** Opening MATERIAL PROVIDED block **

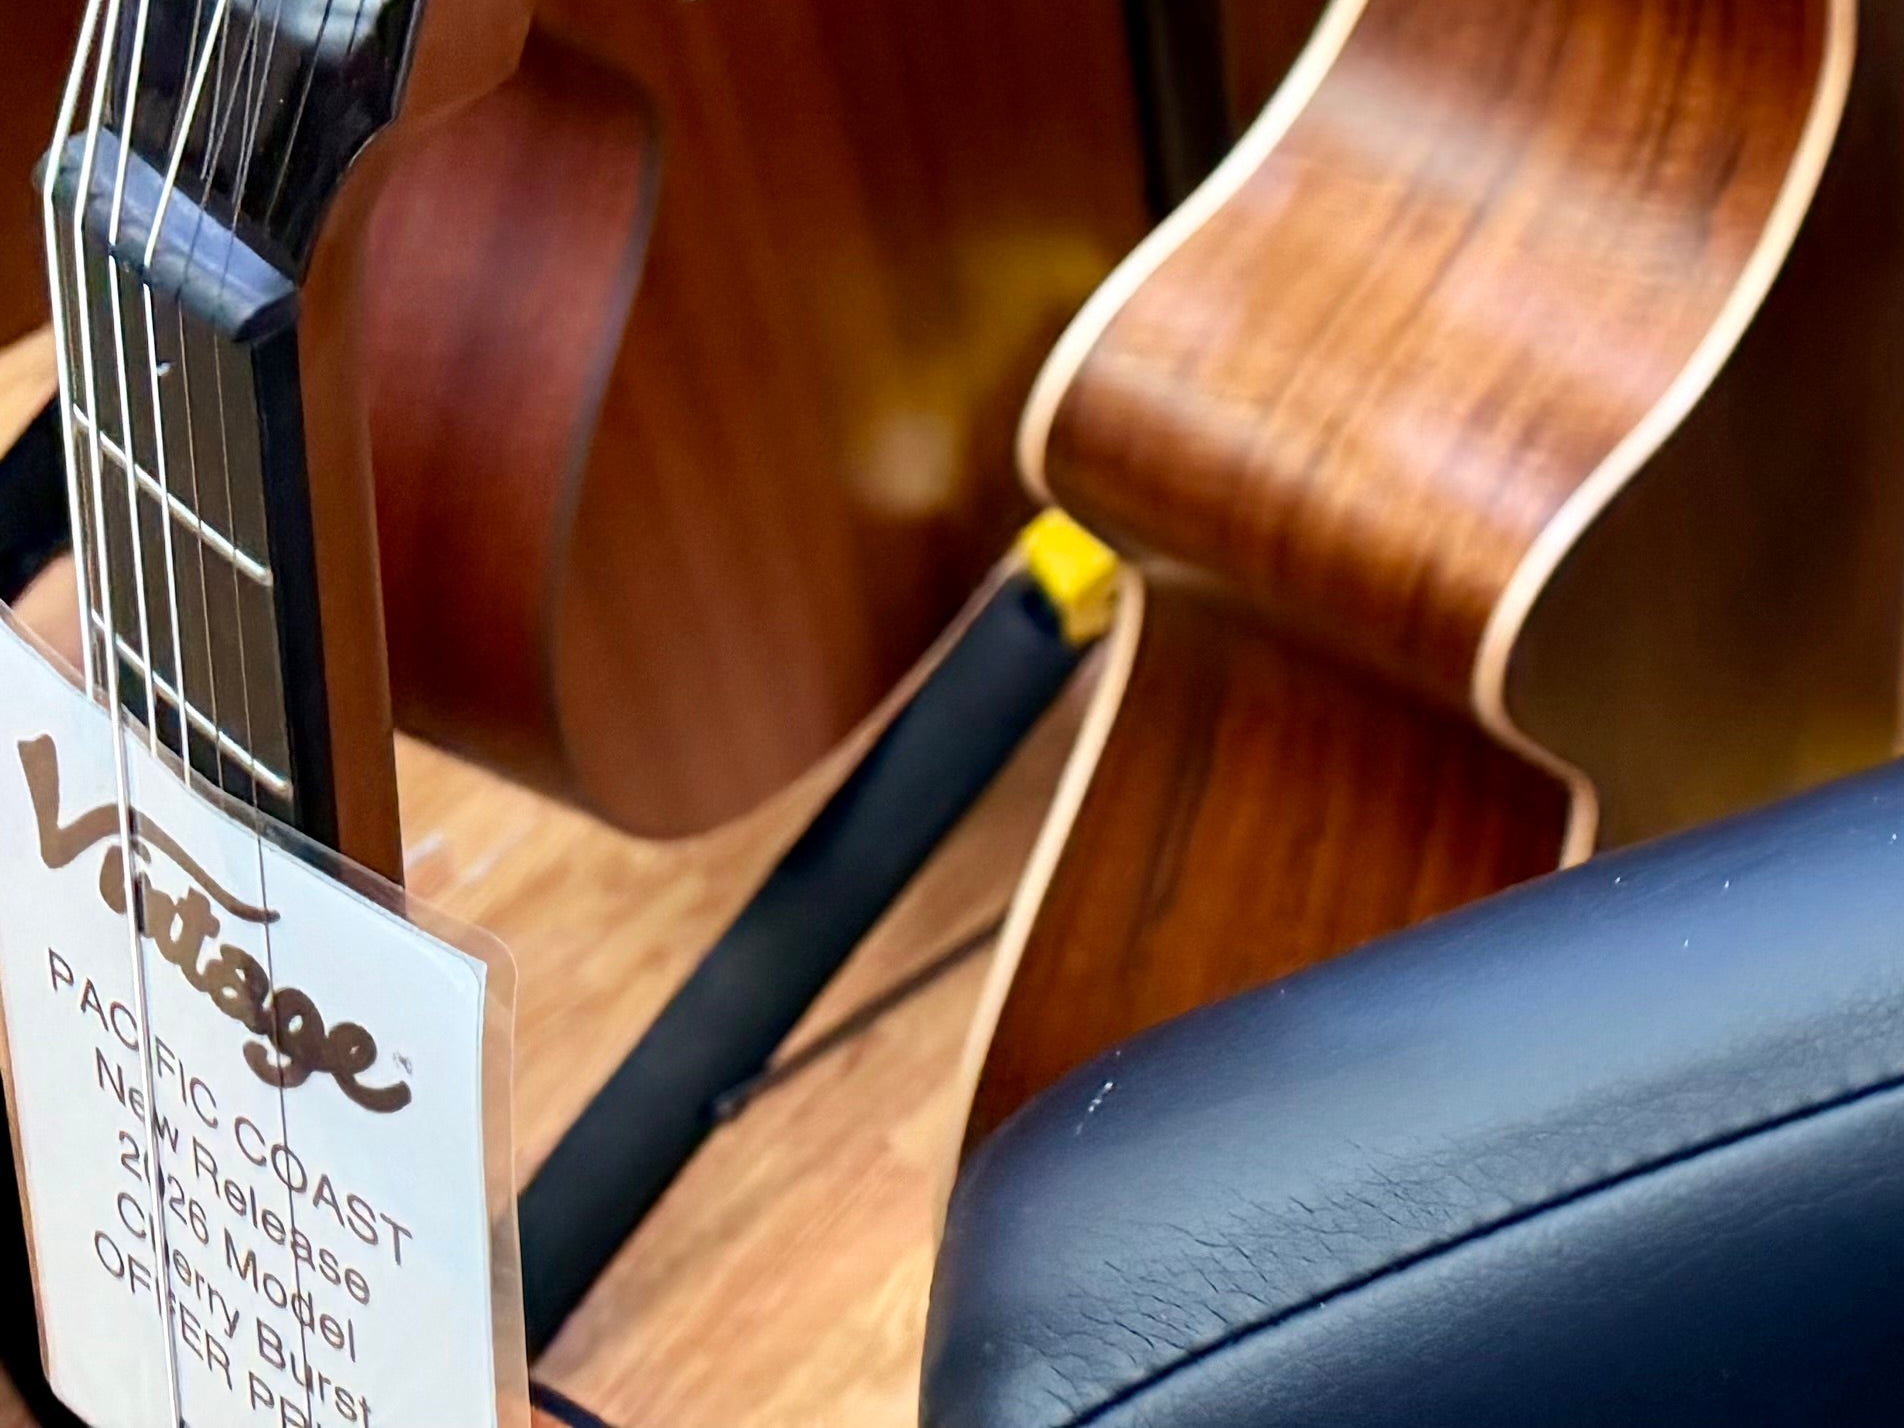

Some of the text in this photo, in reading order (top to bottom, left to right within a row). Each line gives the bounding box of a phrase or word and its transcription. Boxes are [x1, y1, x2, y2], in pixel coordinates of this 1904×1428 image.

[17, 733, 411, 1113] Vintage
[48, 948, 413, 1265] PACFIC COAST
[95, 1047, 370, 1305] New Release
[94, 1230, 232, 1391] OFFER
[224, 1227, 356, 1363] Model
[256, 1316, 372, 1428] Burst

** Closing MATERIAL PROVIDED block **

§ **TASK**
Set every line of the records down again exactly, and exclude all pictures.

§ **OUTPUT OF THE EXERCISE**
Some of the text in this photo, in reading order (top to bottom, left to right within a row). Each line gives the bounding box of a phrase or word and its transcription. Boxes are [x1, y1, x2, y2], in pixel coordinates of this 1904×1428 image.

[17, 733, 411, 1113] Vintage
[48, 948, 413, 1265] PACFIC COAST
[95, 1047, 370, 1305] New Release
[94, 1230, 232, 1391] OFFER
[224, 1227, 356, 1363] Model
[256, 1316, 372, 1428] Burst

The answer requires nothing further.